By now you’ve probably heard a lot about Beto O’Rourke and his surprisingly durable challenge against Ted Cruz in bright red Texas. You’ve heard about how he’s visited all 254 Texas counties in his Toyota Tundra. You’ve seen videos of him sweating through a button-down shirt at one of his jam-packed town halls. You’ve watched the rangy 45-year-old congressman skateboard through a Whataburger parking lot in Brownsville. And if you’re following the 2018 midterms, you know that O’Rourke only trails Cruz by a single digit while running an unabashedly progressive campaign, making Democrats around the country salivate at the prospect of a blue wave crashing everywhere from Galveston to El Paso.

That’s still a long shot. Texas is Texas, after all. But the hype emerging from the Democrat’s campaign points to something rather obvious: O’Rourke is good at this, way better than most of the Democrats sniffing around the next presidential race from the boring hallways of Capitol Hill. Whether he wins or loses his race—and yes, even if he loses—O’Rourke should be included in every conversation about the 2020 Democratic primary. That’s because, unlike most of the paint-by-numbers politicians in his party, O’Rourke actually understands how politics should be conducted in the Donald Trump era: authentic, full of energy, stripped of consultant-driven sterility, and waged at all times with a social-media-primed video screen in mind. O’Rourke is making a bet that running on his gut and giving voters a clear choice against Cruz, rather than just a mushy alternative, offers not just a path to victory in Texas but an antidote to the entire stupid artifice of American politics in the Trump era.

The most appealing thing about O’Rourke is both delightfully uncomplicated and extremely powerful: he talks about politics like you and your friends do. “I am so sick of the stuff that’s been made safe for politics,” O’Rourke told me earlier this month as we drove in his truck through East Texas, between a pair of town halls in Beeville and Corpus Christi. “It’s so bad. It has no impact. It doesn’t register. It doesn’t excite me. I want to do what excites me. That’s my goal at least.”

“Democrats in Texas have been losing statewide elections for Senate for 30 years,” he said. “So you can keep doing the same things, talk to the same consultants, run the same polls, focus-group drive the message. Or you can run like you’ve got nothing to lose. That’s what my wife Amy and I decided at the outset.
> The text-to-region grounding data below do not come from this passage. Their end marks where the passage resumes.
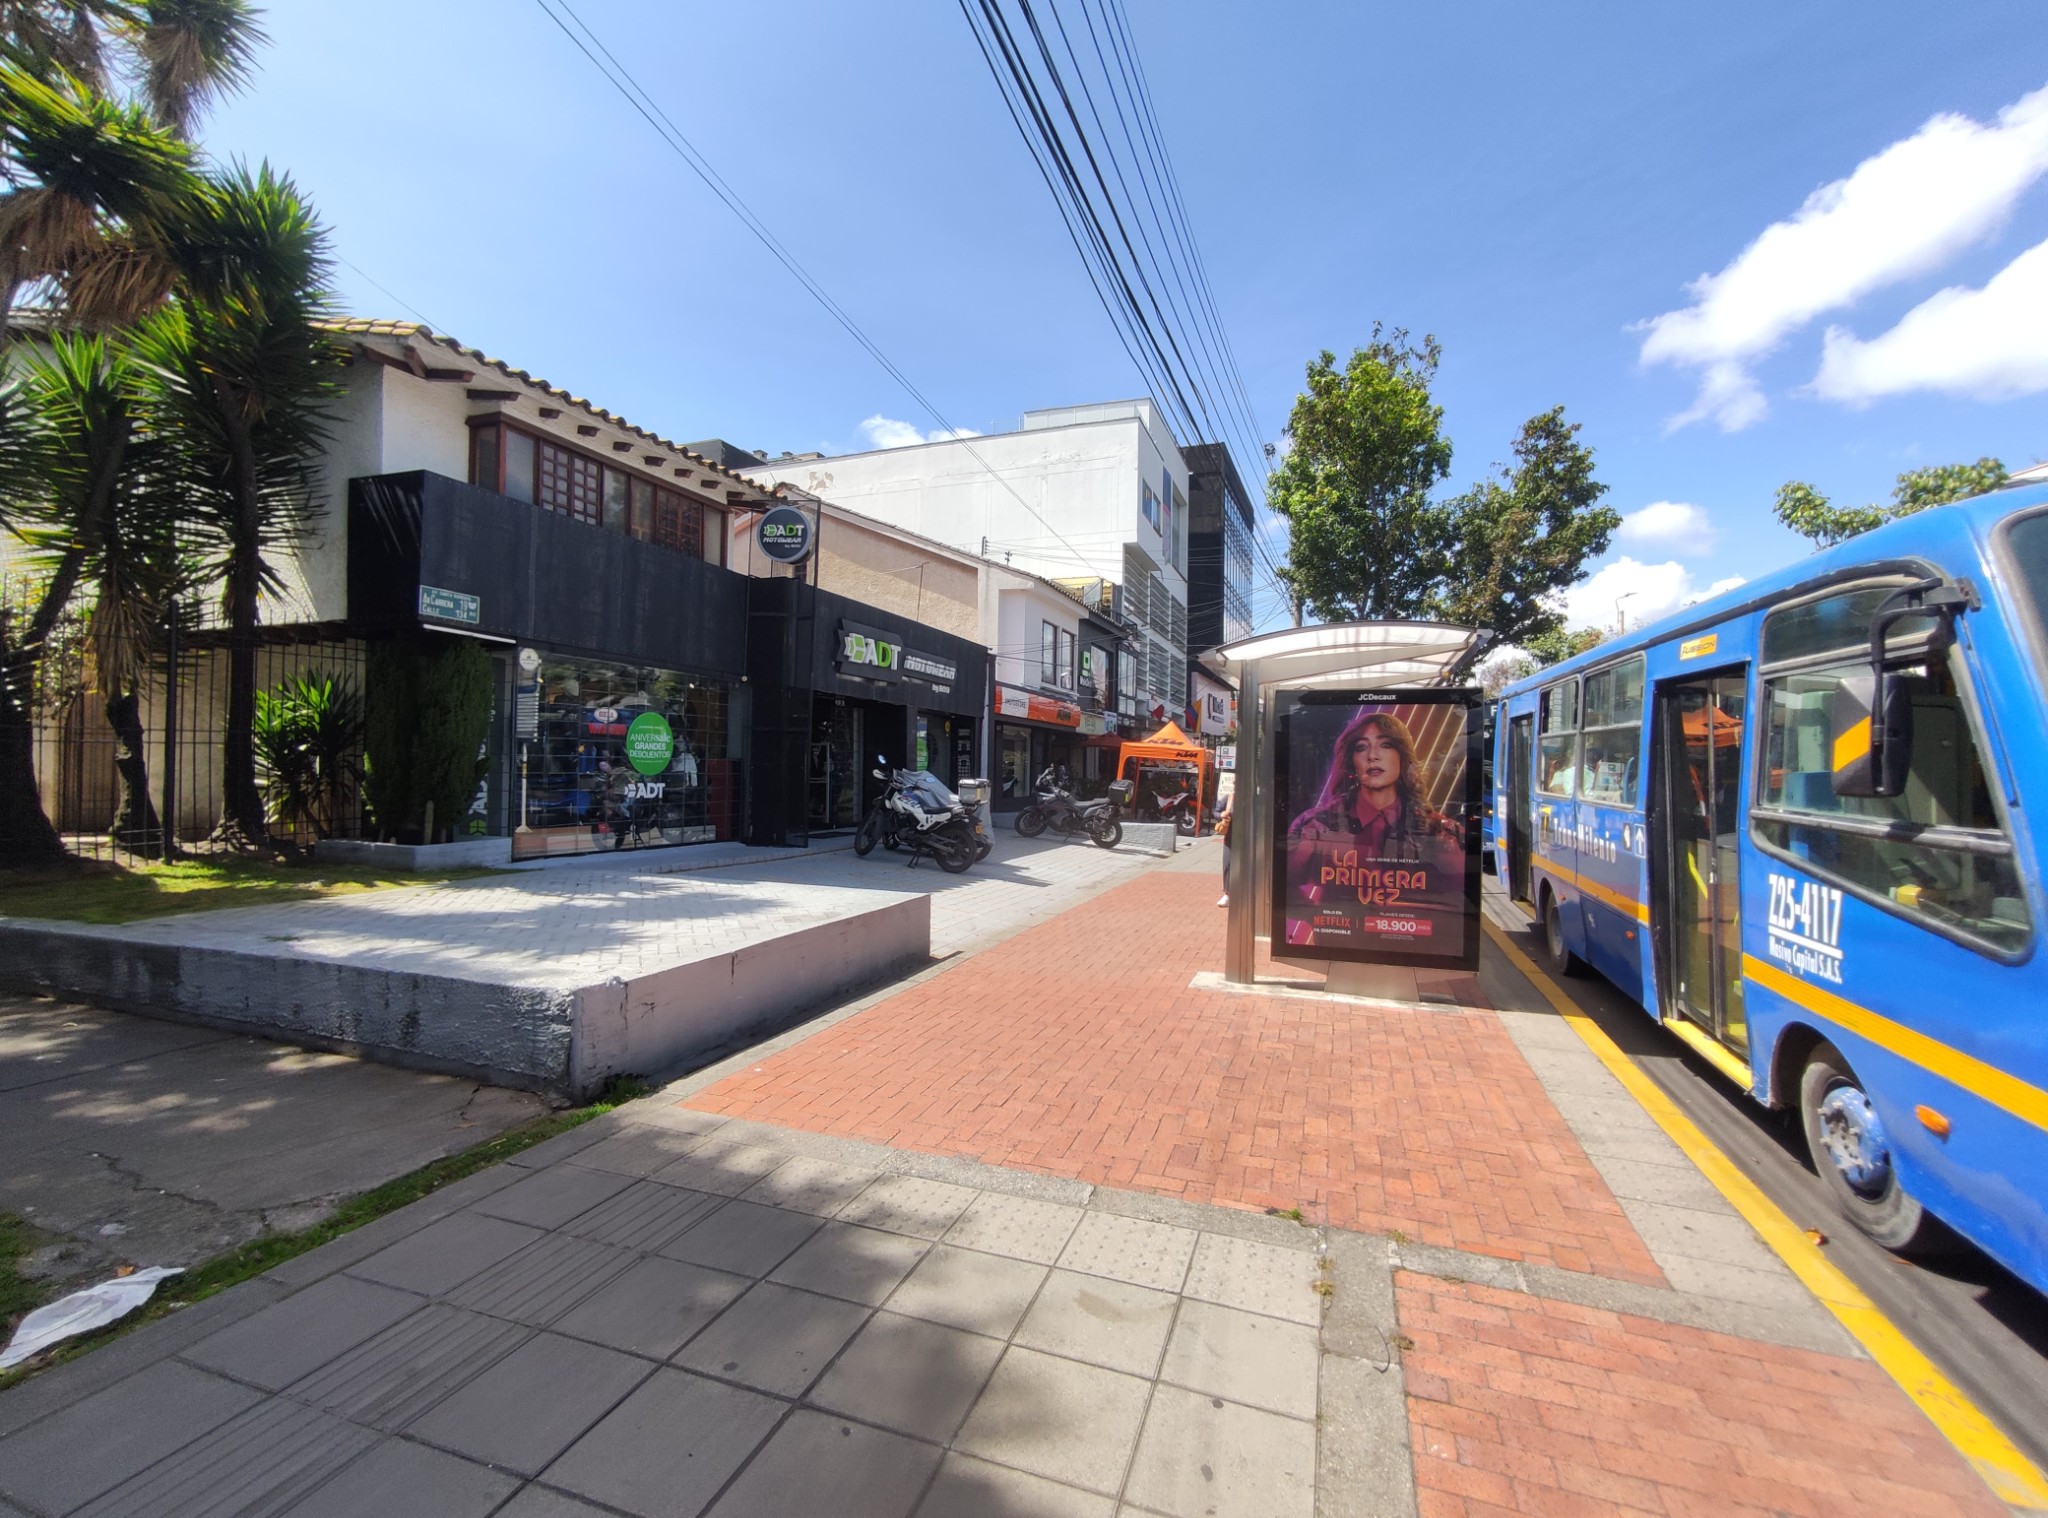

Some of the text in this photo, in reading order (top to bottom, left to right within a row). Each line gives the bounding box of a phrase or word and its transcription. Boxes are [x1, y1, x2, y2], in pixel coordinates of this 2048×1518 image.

[863, 638, 901, 670] ADT
[629, 750, 671, 758] DESCUENTOS
[634, 742, 667, 750] GRANDES
[636, 783, 666, 799] ADT
[1332, 849, 1358, 867] LA
[1320, 866, 1427, 890] PRIMERA
[1357, 886, 1401, 906] VEZ
[1768, 873, 1843, 946] Z25-4117
[1313, 915, 1351, 928] NETFLIX
[1375, 919, 1417, 932] 18.900
[1769, 934, 1792, 963] Masivo
[1792, 944, 1819, 975] Capital
What do we have to lose? Let’s do this right way, the way that feels good to us. We don’t have a pollster. Let’s talk about the things that are important to us, regardless of how they poll. Let’s not even know how they poll.”

I was following O’Rourke and Cruz around Texas for an episode of Good Luck America, Snapchat’s political documentary series. Cruz, too, is working hard and not taking the race for granted. He’s accessible to the media and packing in supporters at meat ’n’ threes across the state. Cruz’s theory of the race is that Texas is fundamentally red, that there simply aren’t enough Democrats in the state for him to lose. “There are many more conservatives than liberals, and many more common-sense Texans,” he told me. And he has a point: in modern times, no Democratic candidate has hit more than 42 percent in a statewide election. But O’Rourke’s theory is that he can yank new voters out of the woodwork, and when we arrived in Corpus Christi after our drive, on a muggy Wednesday afternoon, there were some 4,000 people waiting for him in a bingo hall on the outskirts of town. For a midterm candidate. In August.
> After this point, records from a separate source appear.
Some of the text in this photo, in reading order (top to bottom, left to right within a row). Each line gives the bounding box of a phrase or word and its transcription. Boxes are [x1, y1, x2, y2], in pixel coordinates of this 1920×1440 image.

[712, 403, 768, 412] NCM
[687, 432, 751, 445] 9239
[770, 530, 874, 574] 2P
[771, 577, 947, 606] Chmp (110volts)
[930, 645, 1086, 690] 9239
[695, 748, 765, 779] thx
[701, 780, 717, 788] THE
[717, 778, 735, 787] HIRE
O’Rourke riffed on climate change, background checks, teacher pay, health care for veterans, cost-of-living adjustments for public-sector retirees, and the importance of a free press. He lashed the idea of a border wall and the Trump administration’s policy of separating migrant children from their parents. And unlike Washington consultants who say that Democrats should only be talking about health care this election season, and not the scandals swirling around Trump, O’Rourke seems to understand that it isn’t really that hard to do both. Because Democrats want to hear about both, and it would be silly to pretend otherwise. He blasted Trump’s obsequious press conference with Vladimir Putin in Helsinki. “He actively, on a stage in another country, defends the interests of another country against the interests of the United States of America,” O’Rourke said. “The collusion in action taking place right in front of our eyes.” It was the second biggest applause line of the night, after his boast about refusing to take corporate campaign donations.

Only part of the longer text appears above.